Repensar en el valor de la Educación
Hoy presenciamos un mundo inmerso en complejos y multidimensionales conflictos intraestatales, con un sistema de gobernanza cargado de injusticias y desigualdades; las peores consecuencias en lo social la padecen los más vulnerables. En este sentido, si consideramos la tesis de que, en donde existe un déficit educativo se engendran conflictos que da paso a la represión, entonces, la educación es la herramienta más poderosa que tienen los países para impulsar, el crecimiento económico, una mayor prosperidad y un establecimiento de sociedades más pacíficas y equitativas.

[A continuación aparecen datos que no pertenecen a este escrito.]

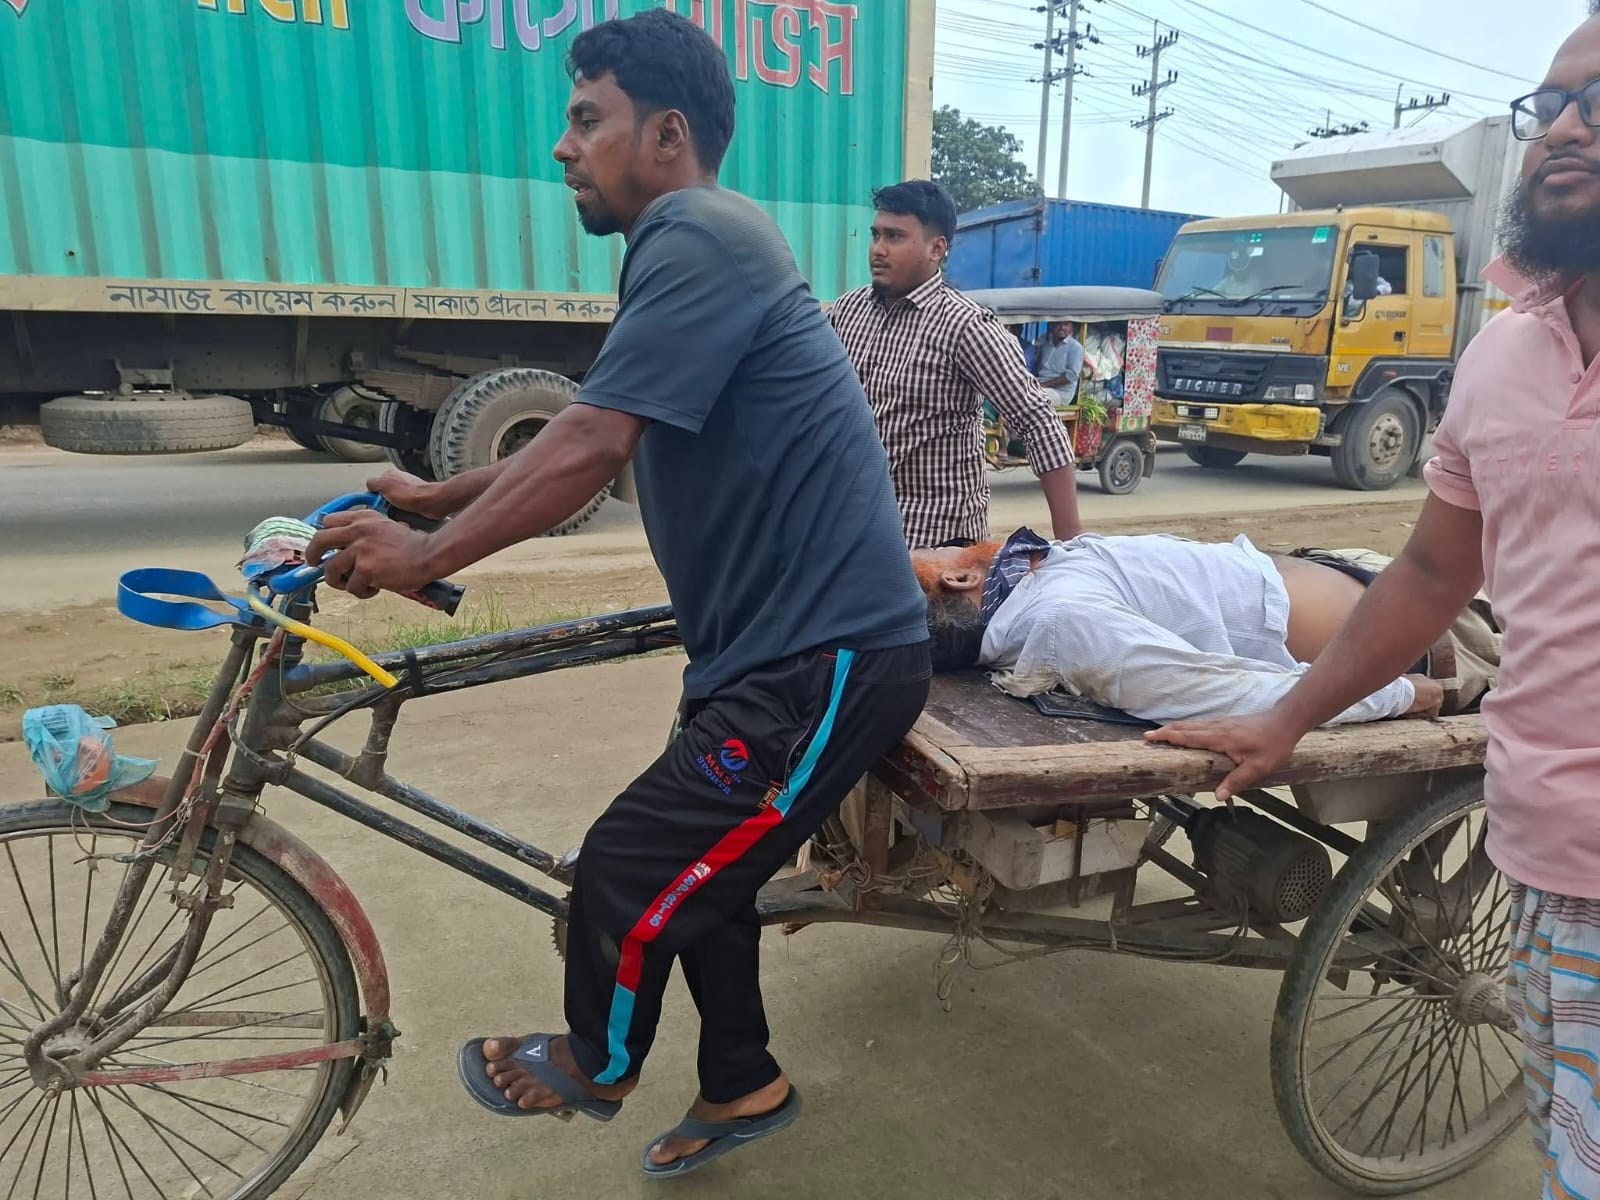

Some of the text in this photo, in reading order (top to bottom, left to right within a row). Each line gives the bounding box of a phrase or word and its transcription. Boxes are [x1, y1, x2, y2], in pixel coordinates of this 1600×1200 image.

[106, 286, 217, 311] নামাজ
[219, 289, 313, 313] কায়েম
[317, 291, 396, 313] করুন
[412, 294, 480, 317] যাকাত
[485, 293, 548, 318] প্রদান
[1174, 379, 1242, 395] EICHER
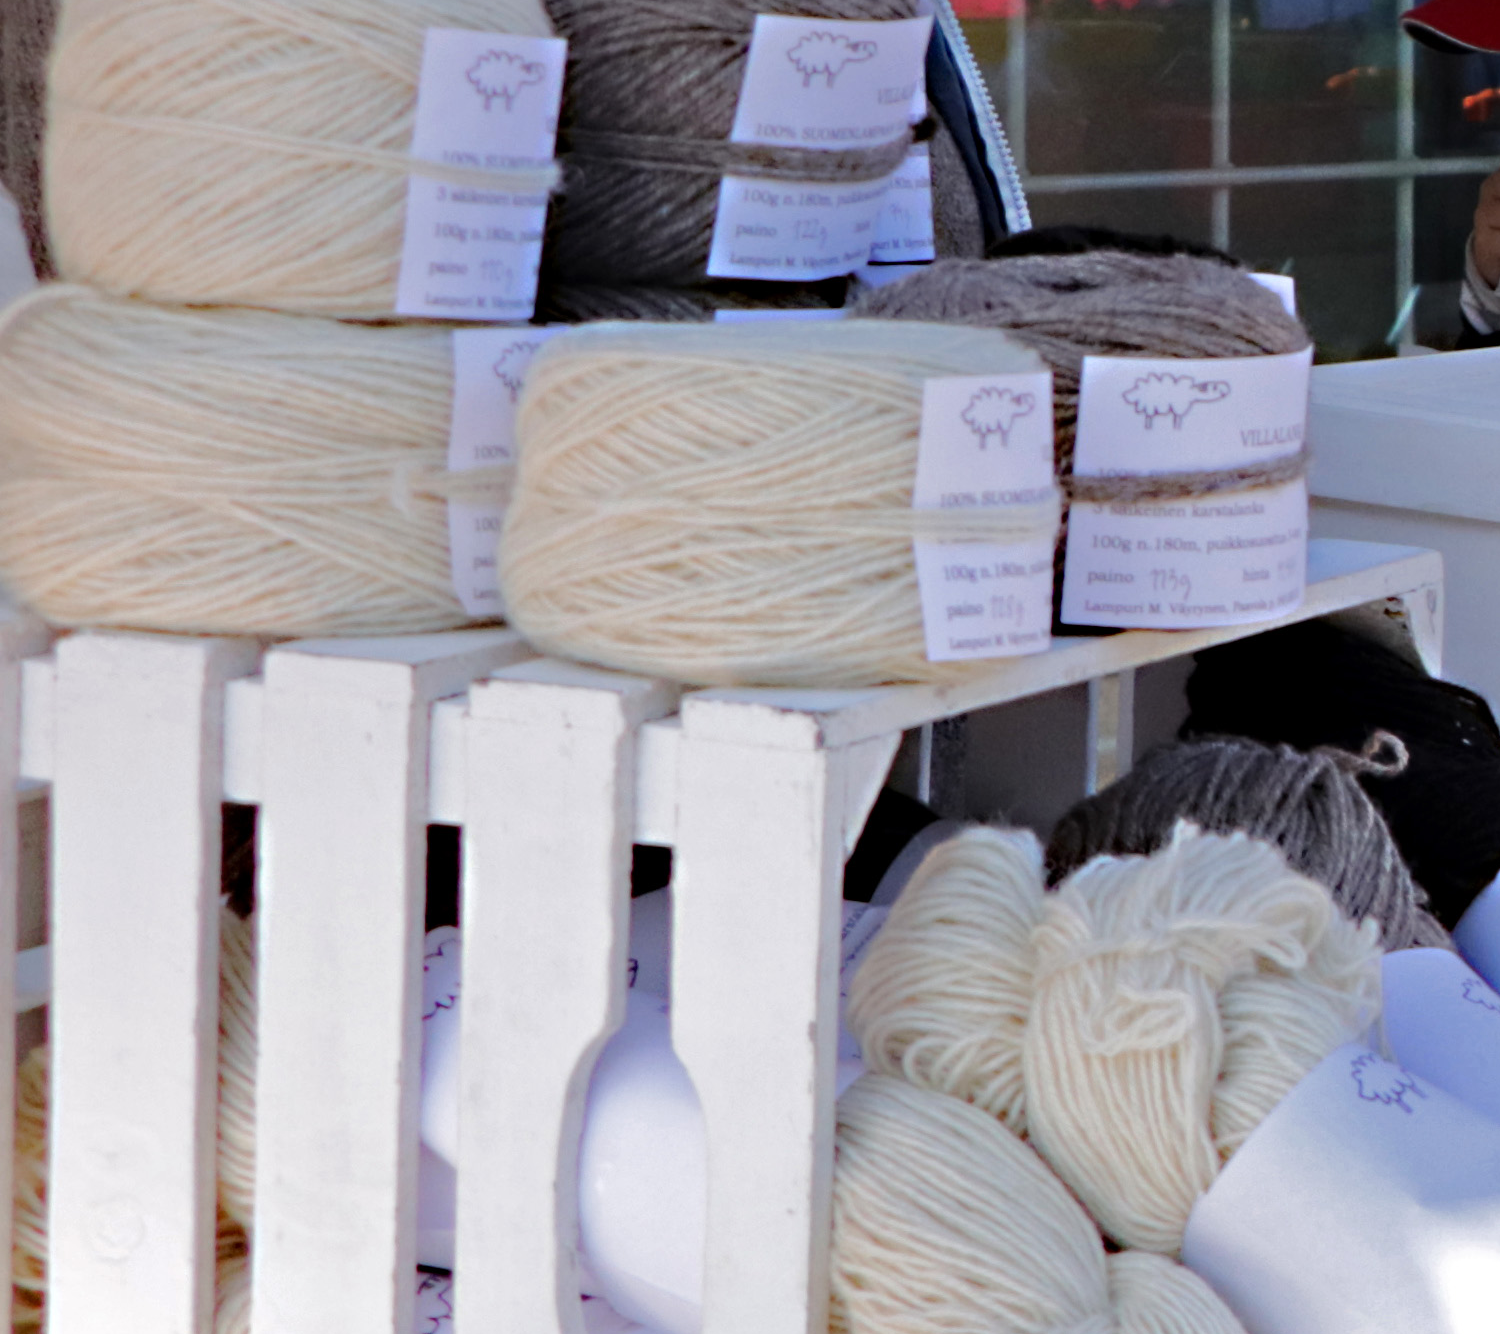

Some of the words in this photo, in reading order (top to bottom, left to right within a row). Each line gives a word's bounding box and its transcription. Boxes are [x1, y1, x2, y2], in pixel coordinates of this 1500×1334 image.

En este contexto, sobran datos que puedan describir una perspectiva muy negativa,  encontramos  que 57 millones de niños en edad escolar primaria se encuentran sin escolarizar y 250 millones niños que no aprenden los conocimientos básicos. Por esta razón, es fundamental y sumamente importante que los Estados donantes trabajen arduamente en su compromiso de contribuir a la educación. Podemos entrever que los problemas educativos de esta índole no deben ser tratados únicamente de forma unilateral, si bien es cierto que es una cuestión de la esfera doméstica, también  es cierto que se debe cooperar (al menos regionalmente) para trabajar en efecto sinergia, a los fines de contrarrestar estos desalentadores resultados que arroja el informe de UNESCO. La comunidad internacional ha puesto en primer plano la relevancia de trabajar unidos por la educación, puesto que es la base de formación de los países.

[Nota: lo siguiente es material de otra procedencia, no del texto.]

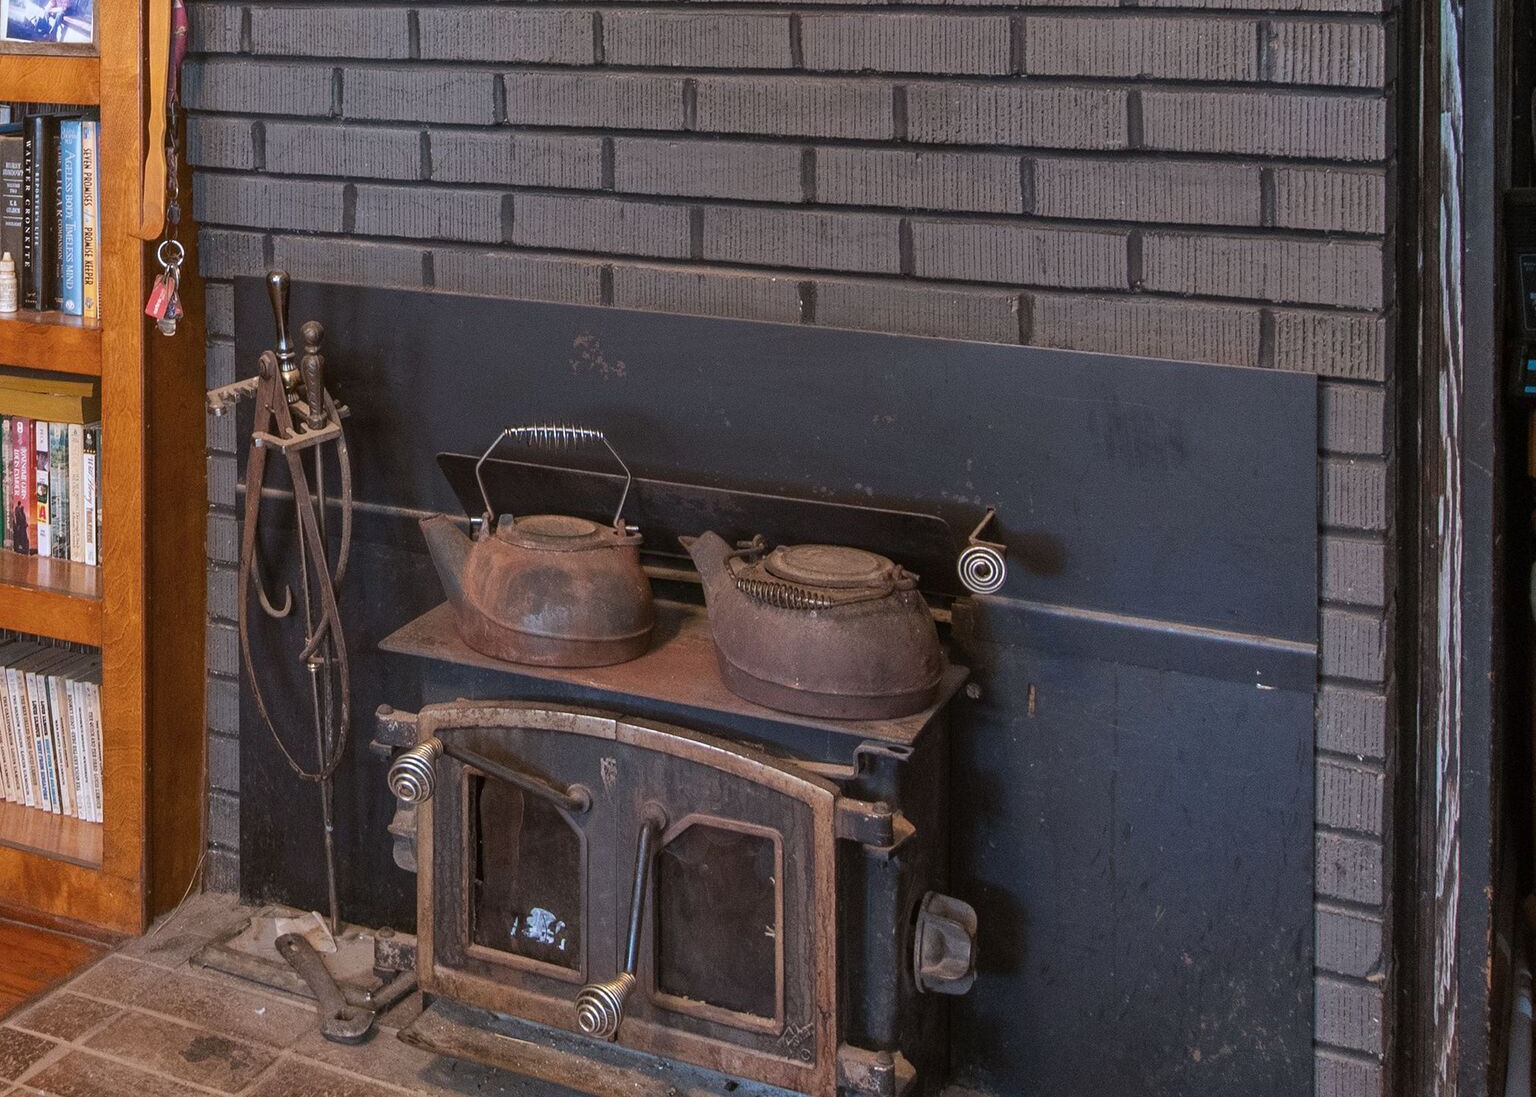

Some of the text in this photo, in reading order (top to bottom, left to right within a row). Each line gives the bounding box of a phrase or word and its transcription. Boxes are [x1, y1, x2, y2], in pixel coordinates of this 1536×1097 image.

[65, 150, 77, 290] AGELESS BODY TIMELESS MIND
[84, 148, 94, 285] SEVEN PROMISES PROMISE KEEPER

Tratamos con un factor que cada año cobra mayor importancia para el desarrollo a multinivel de los Estados, sabiendo que si todos los niños tuvieran el mismo acceso a la enseñanza, el ingreso per cápita en el mundo aumentaría un 23% en los próximos 40 años. Si todas las mujeres cursaran la educación primaria, los matrimonios precoces y la mortalidad infantil podría disminuir a una sexta parte y la mortalidad materna a dos tercios. La educación posee la capacidad incomparable de reducir la pobreza extrema y potenciar objetivos de desarrollo de más amplio espectro. La educación dota de autonomía a las mujeres. Es más probable que las niñas y las muchachas instruidas conozcan sus derechos y dispongan de la confianza necesaria para exigirlos. La educación forma parte de la solución de los problemas medioambientales.
Podemos considerar apropiadas las palabras reflexivas de la Directora General de UNESCO, Irina Bokova, para resumir el por qué la educación como un eje central en la agenda internacional: “La educación es derecho humano fundamental, esencial para poder ejercitar todos los demás derechos, dado que promueve la libertad y la autonomía personal y genera importantes beneficios para el desarrollo.”